Let's talk a little about fishing technique.
A "Bug" can be made to "walk the dog" in a side-to-side fashion that works so well with a Zarra Spook. This method is difficult to describe with words and is best learned by watching someone execute the technique properly and then it becomes a simple process of imitation. I'll make a clumsy attempt here to describe the motions, but it'll be a lot quicker and easier to obtain a first hand demonstration. After the cast, face the lure and hold your rod almost straight down and close to the water. Reel most, but not all, of the slack out of your line and give your rod a jerk. Here is where most people have their problems. I don't know how to describe the exact amount of slack to leave in your line, but I can say this, too little slack and you simply pull the bait straight through the water. Too much slack and the bait won't move when you jerk. What should happen following this jerk of your rod is that the head of your Bug should move to one side. Here is where timing becomes important. While the head of your Bug is still to one side and before the tension on the line pulls the bait back straight, jerk the rod again.
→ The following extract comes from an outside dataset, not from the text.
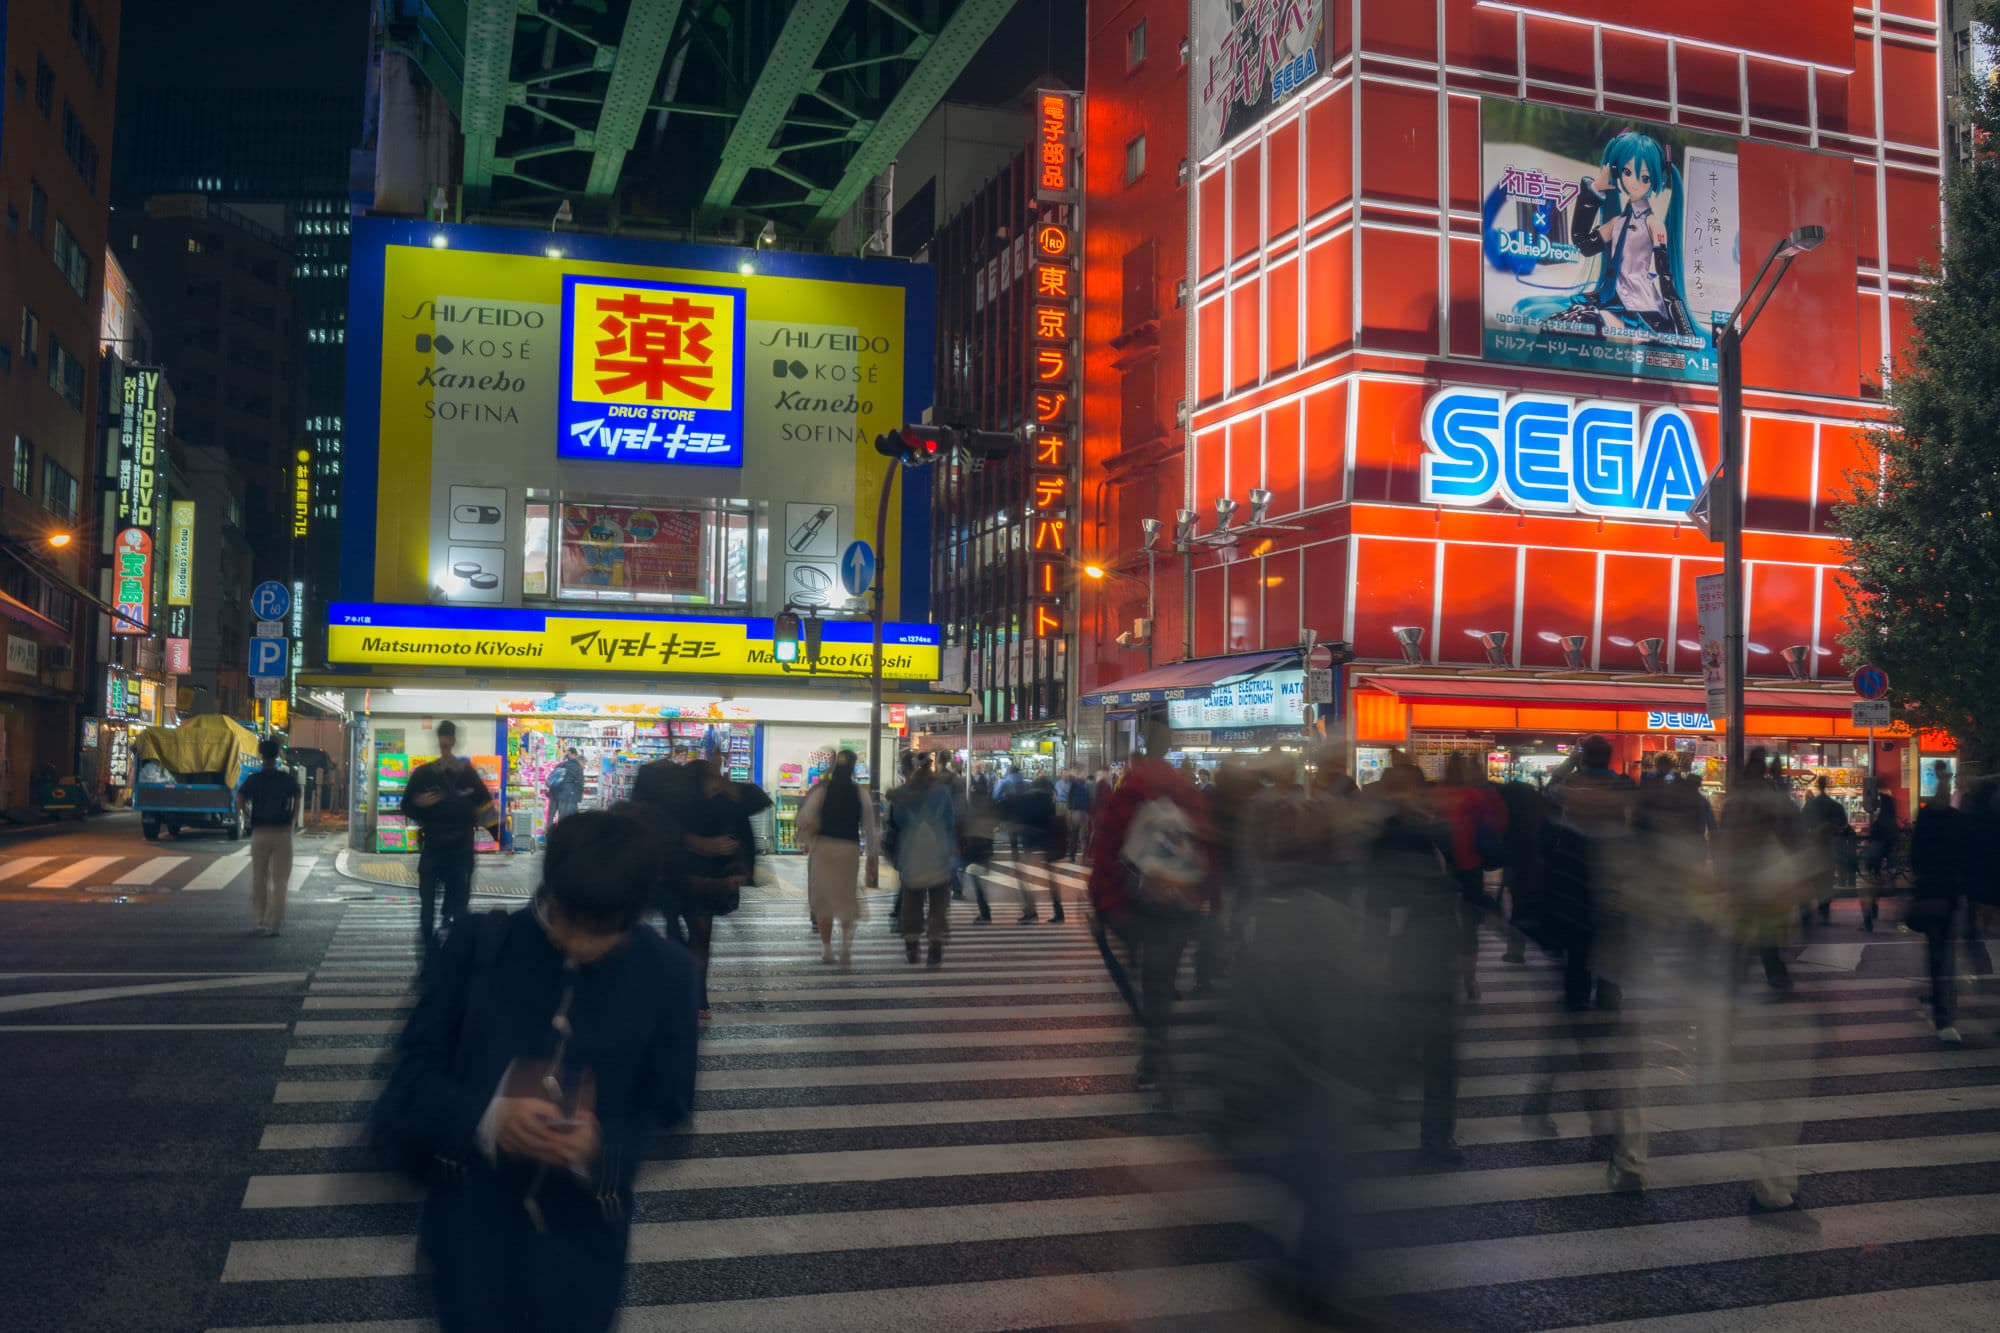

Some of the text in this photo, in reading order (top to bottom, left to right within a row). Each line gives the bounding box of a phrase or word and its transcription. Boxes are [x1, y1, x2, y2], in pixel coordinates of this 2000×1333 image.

Done properly, this will swing the head of your Bug to the other side. Somewhere in this process we have probably developed some slack in our line, so while you are concentrating on timing your rod jerk, you also have turn your reel handle just enough to maintain the proper amount of slack in your line.
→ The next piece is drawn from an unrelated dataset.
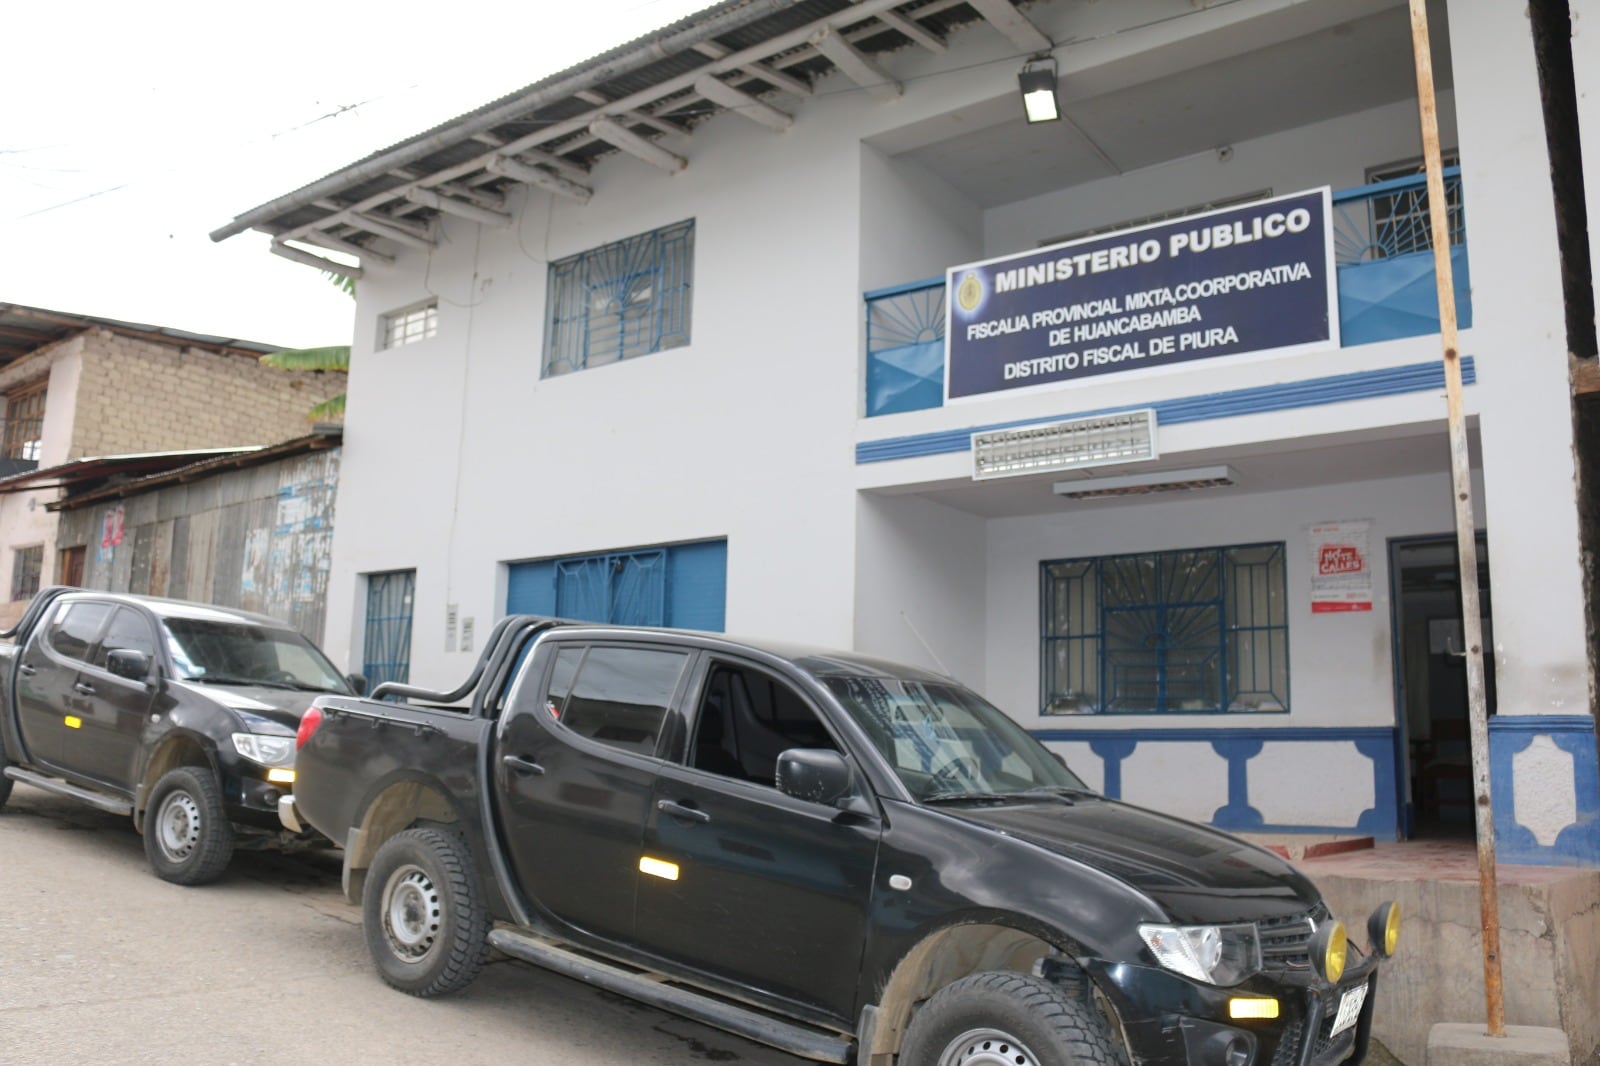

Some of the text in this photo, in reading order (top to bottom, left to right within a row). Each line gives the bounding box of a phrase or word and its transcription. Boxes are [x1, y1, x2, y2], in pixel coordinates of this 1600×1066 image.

Now you just repeat this cadence, all the way back to the boat. Back and forth, jerk, reel, jerk, reel, slash, slash. I get excited just talking about it. You are just trying to imitate an injured baitfish trying to avoid being eaten by a hungry bass. Don't be afraid to experiment and try to let the bass tell you what they want. If a great old big 'un eats your bait while you're picking out a backlash, then slow down or if one tries to commit suicide while you're reeling in fast to make another cast, then speed up.
Which reminds me, don't forget to fish the bait all the way to the boat. A lot of strikes will occur just before you pick your bait up to make another cast. One last thing about technique, don't set the hook until you feel the fish on the end of your line. If you set the hook when you hear the strike, you'll miss probably 60% of your fish. I know that this is difficult advice to follow, but it is a "must do."
Like most topwater baits, this is a really fun bait to fish. It comes in three different sizes. The Baby Bug is fairly small and is great when those schoolies are bustin' glass minnows or shad fry. You might also try a Baby Bug if the bass are not really takin' your larger bait or if you're getting more swirls than hits. The Original Chug Bug is 3/8 oz. and is a great fish catcher. The Big Bug is a larger version that works great when you're going for that big bite. My favorite color is chrome/blue back if the bass seem to be feeding on shad. A bullfrog colored Bug works good around the pepper grass beds when the bream are on the beds in May and June.
Let's briefly touch on equipment. For line, I prefer fresh, premium quality green 14 or 17 pound test monofilament. I use a 6'6" medium-heavy action Fenwick worm rod (model HMX T66MH). Also, I like to use a quality, high-speed baitcasting reel with a thumb bar release such as an Abu Garcia 4600C3, UC4600C3 or TP3600C.
I sincerely hope that at least some of the information that I have provided was enlightening or maybe entertaining but most of all helpful and educational. If you would like some first hand instruction on black bass fishing on Lake Livingston or Sam Rayburn, I guide full time on both of these lakes and specialize in educational trips with an emphasis on advanced black bass fishing techniques. I can be reached at (409) 327-1932.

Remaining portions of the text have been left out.